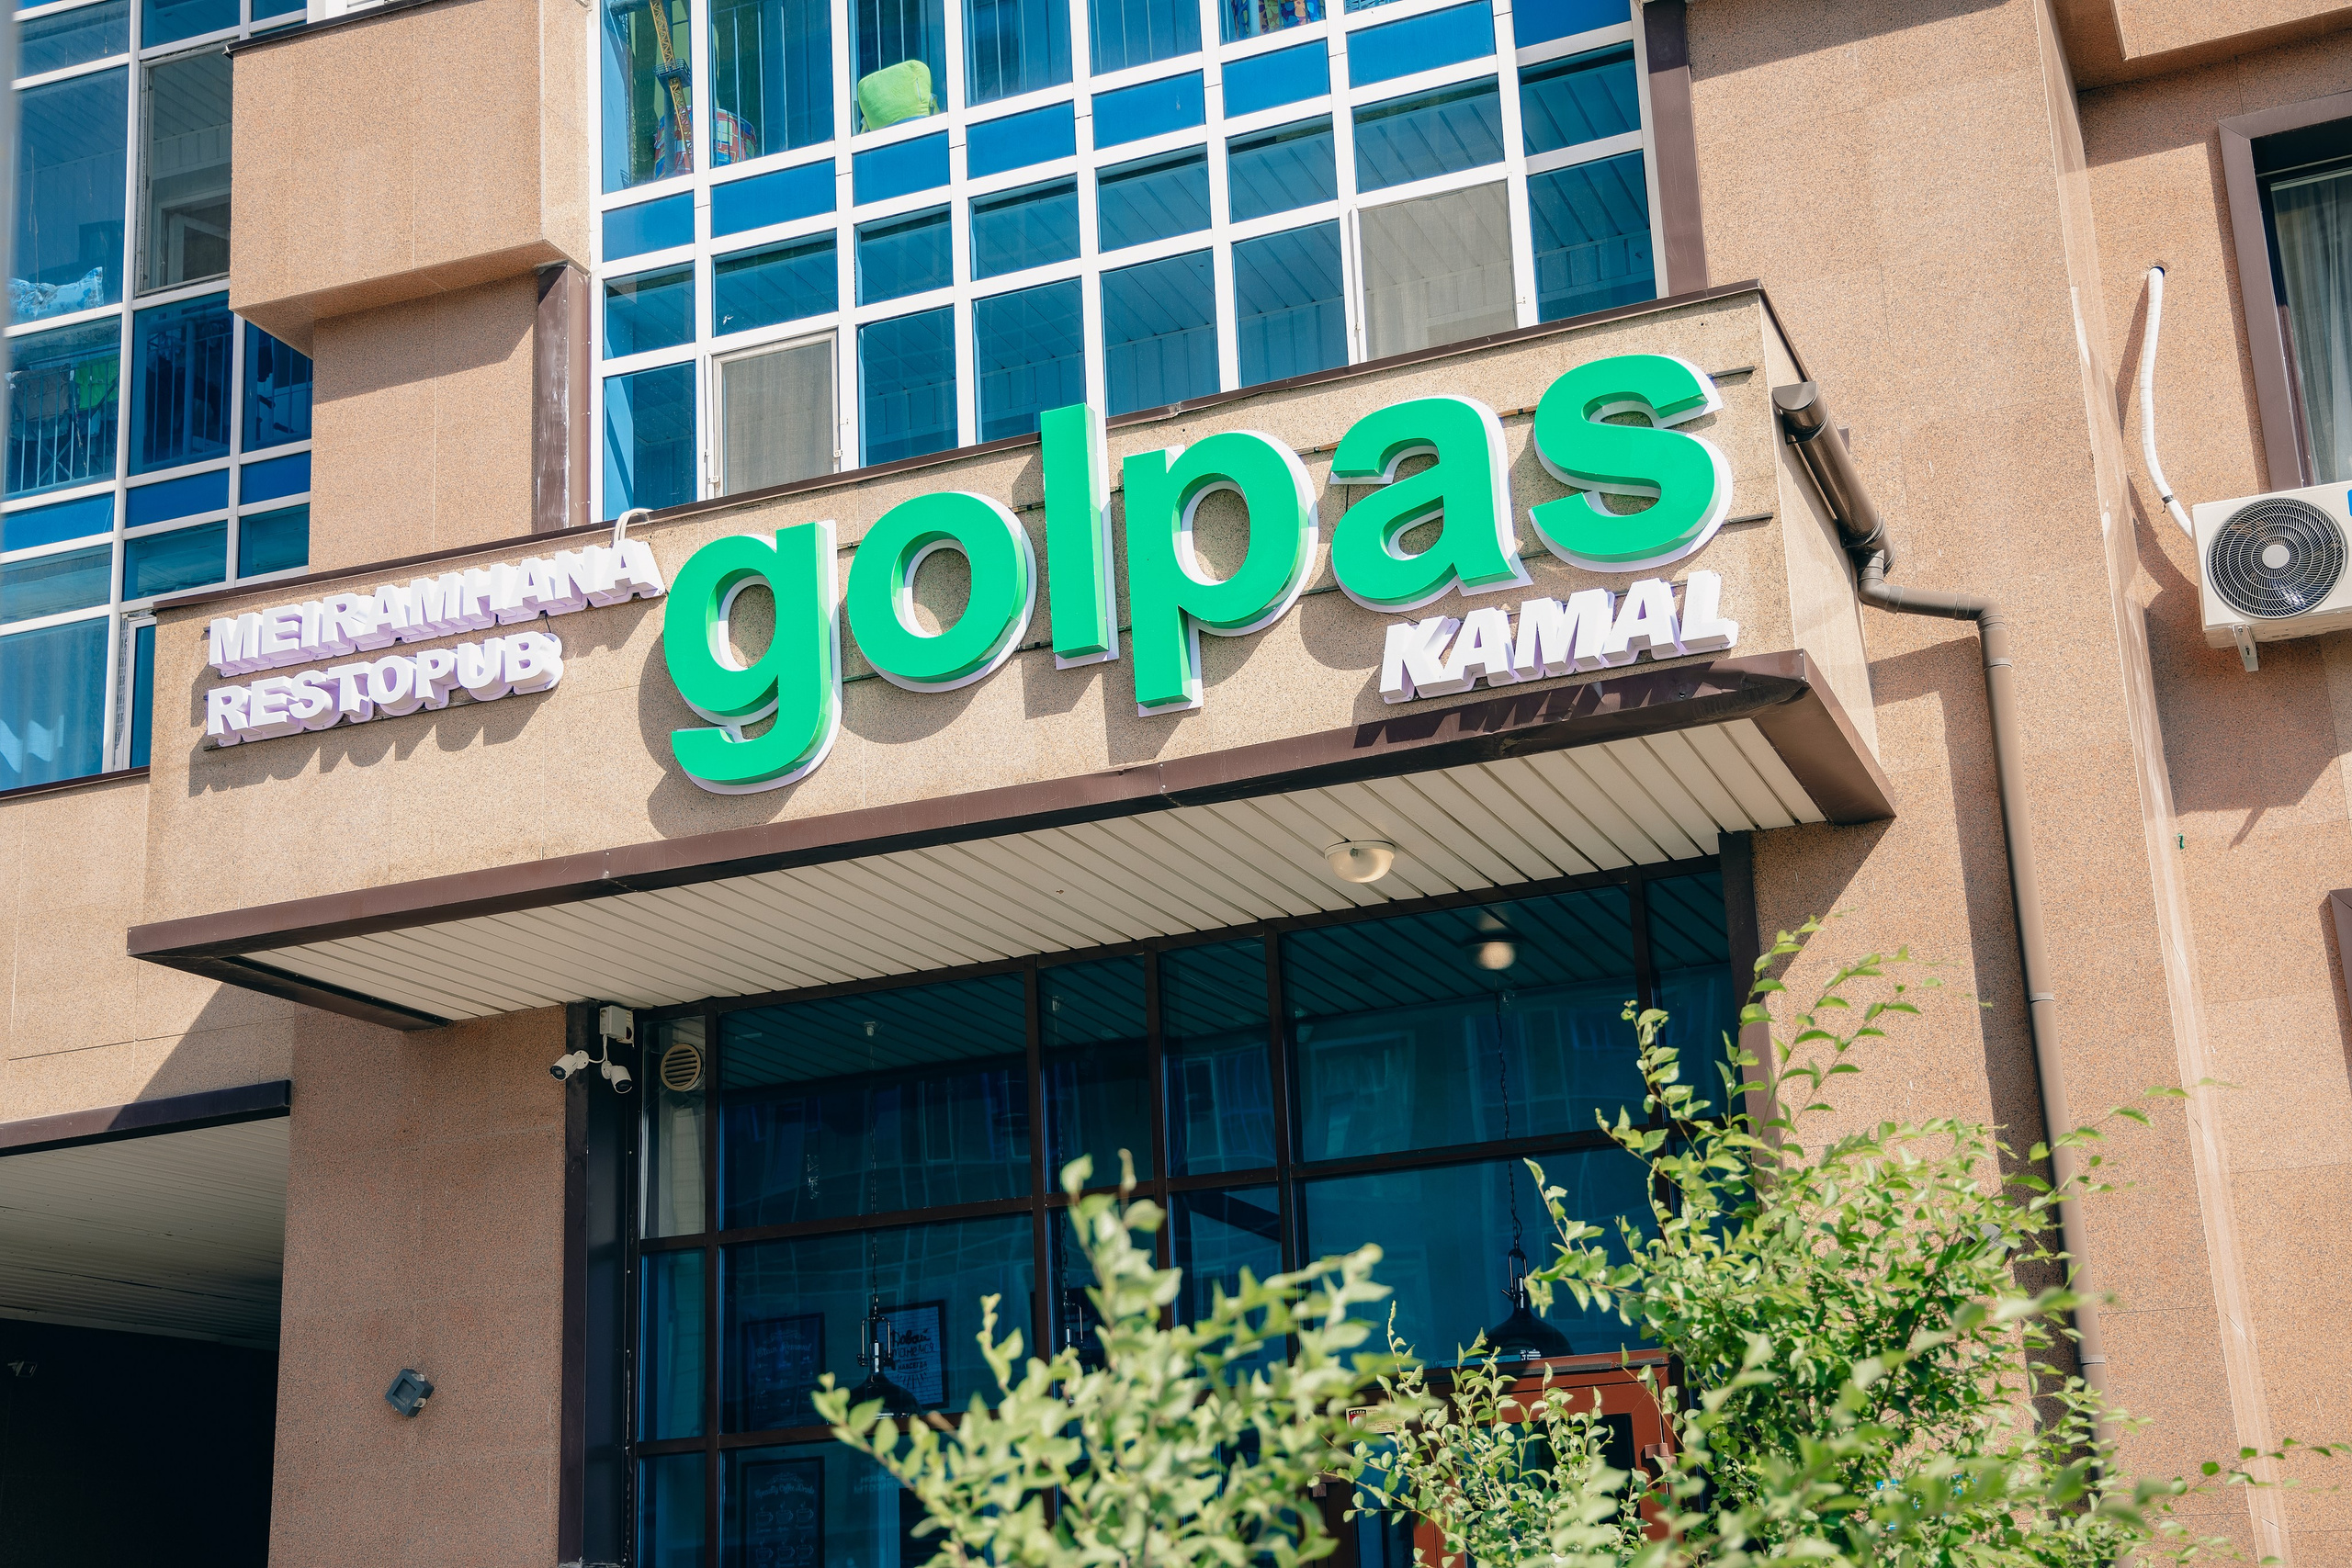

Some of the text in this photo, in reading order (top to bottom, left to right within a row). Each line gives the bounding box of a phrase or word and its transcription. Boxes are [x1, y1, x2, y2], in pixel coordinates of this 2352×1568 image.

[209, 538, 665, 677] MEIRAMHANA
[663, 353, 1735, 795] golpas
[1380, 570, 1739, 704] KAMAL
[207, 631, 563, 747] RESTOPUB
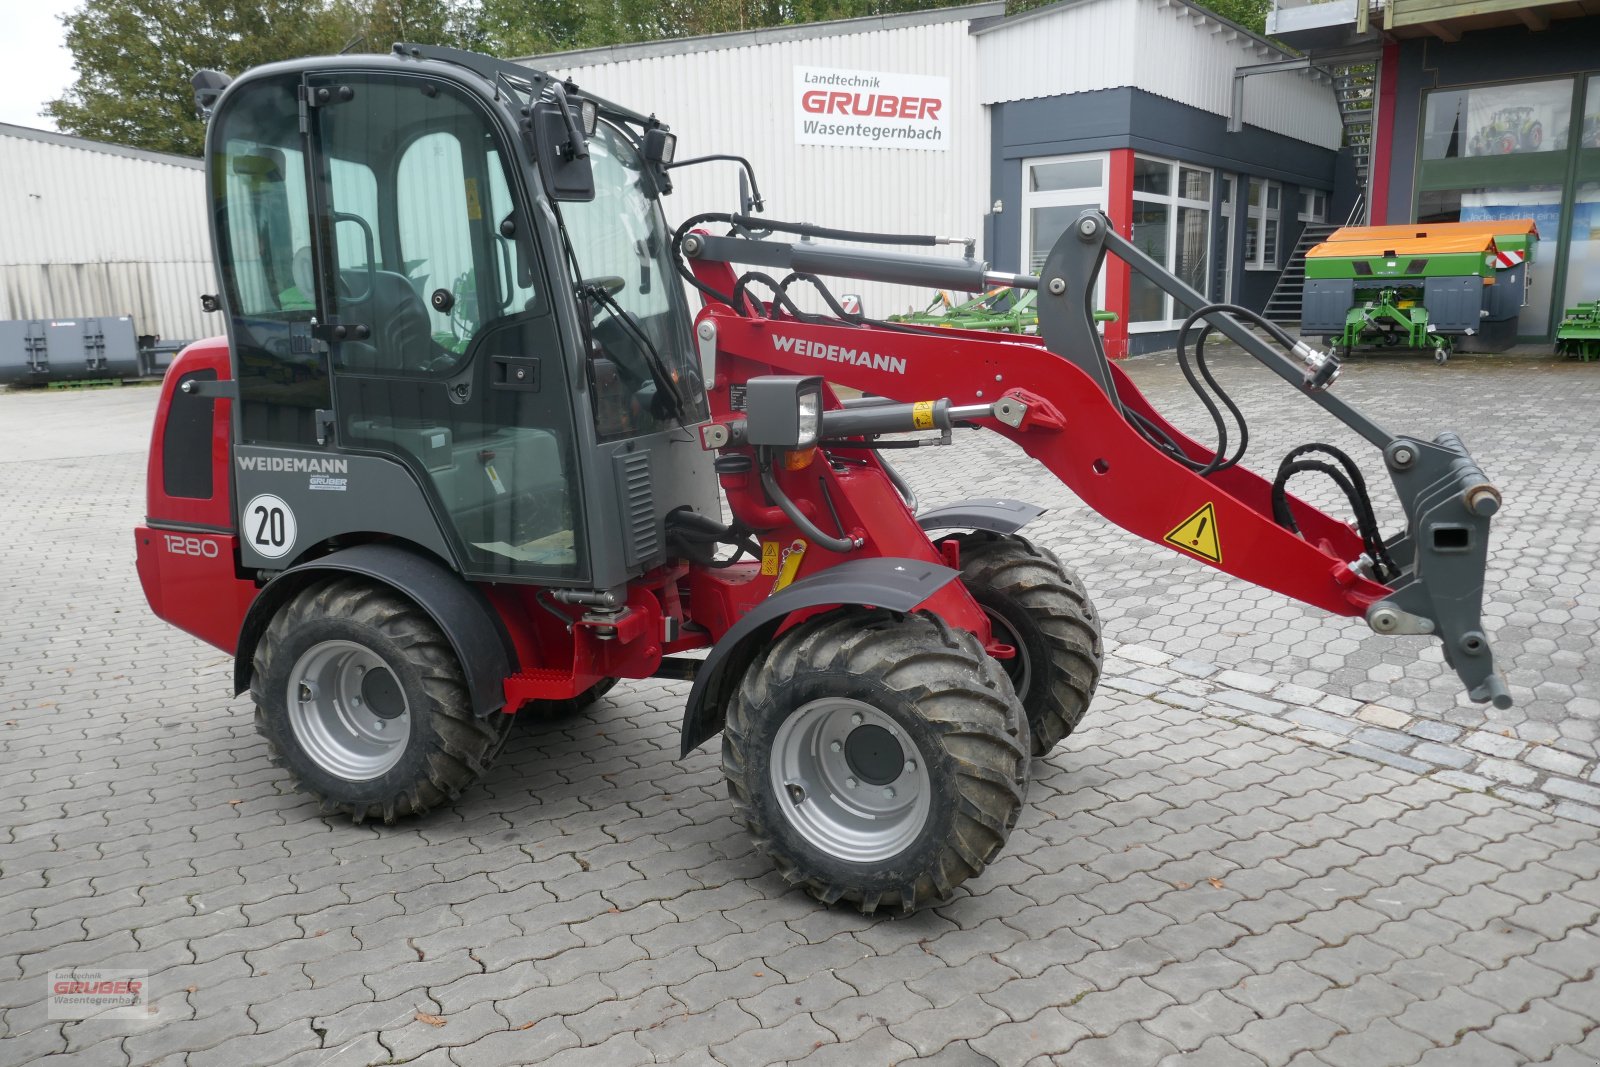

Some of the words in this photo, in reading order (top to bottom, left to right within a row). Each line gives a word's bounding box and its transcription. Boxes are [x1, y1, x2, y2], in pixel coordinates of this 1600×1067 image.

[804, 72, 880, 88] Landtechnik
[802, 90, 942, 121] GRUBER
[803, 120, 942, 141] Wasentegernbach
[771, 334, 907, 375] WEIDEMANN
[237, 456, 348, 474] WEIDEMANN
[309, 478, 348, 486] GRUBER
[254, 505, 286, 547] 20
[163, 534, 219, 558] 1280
━━━━━━━━━━
→ Task to complete: Omitting all images, retype each line of the records precisely.

→ Written solution:
Some of the text in this photo, in reading order (top to bottom, left to right within a row). Each line gives the bounding box of a phrase or word and its transcription. Boxes are [x1, y1, x2, y2], in pixel coordinates of this 2352×1568 image.

[209, 538, 665, 677] MEIRAMHANA
[663, 353, 1735, 795] golpas
[1380, 570, 1739, 704] KAMAL
[207, 631, 563, 747] RESTOPUB

Some of the words in this photo, in reading order (top to bottom, left to right within a row). Each line gives a word's bounding box and its transcription. Boxes are [x1, y1, x2, y2], in pixel coordinates of this 1600×1067 image.

[804, 72, 880, 88] Landtechnik
[802, 90, 942, 121] GRUBER
[803, 120, 942, 141] Wasentegernbach
[771, 334, 907, 375] WEIDEMANN
[237, 456, 348, 474] WEIDEMANN
[309, 478, 348, 486] GRUBER
[254, 505, 286, 547] 20
[163, 534, 219, 558] 1280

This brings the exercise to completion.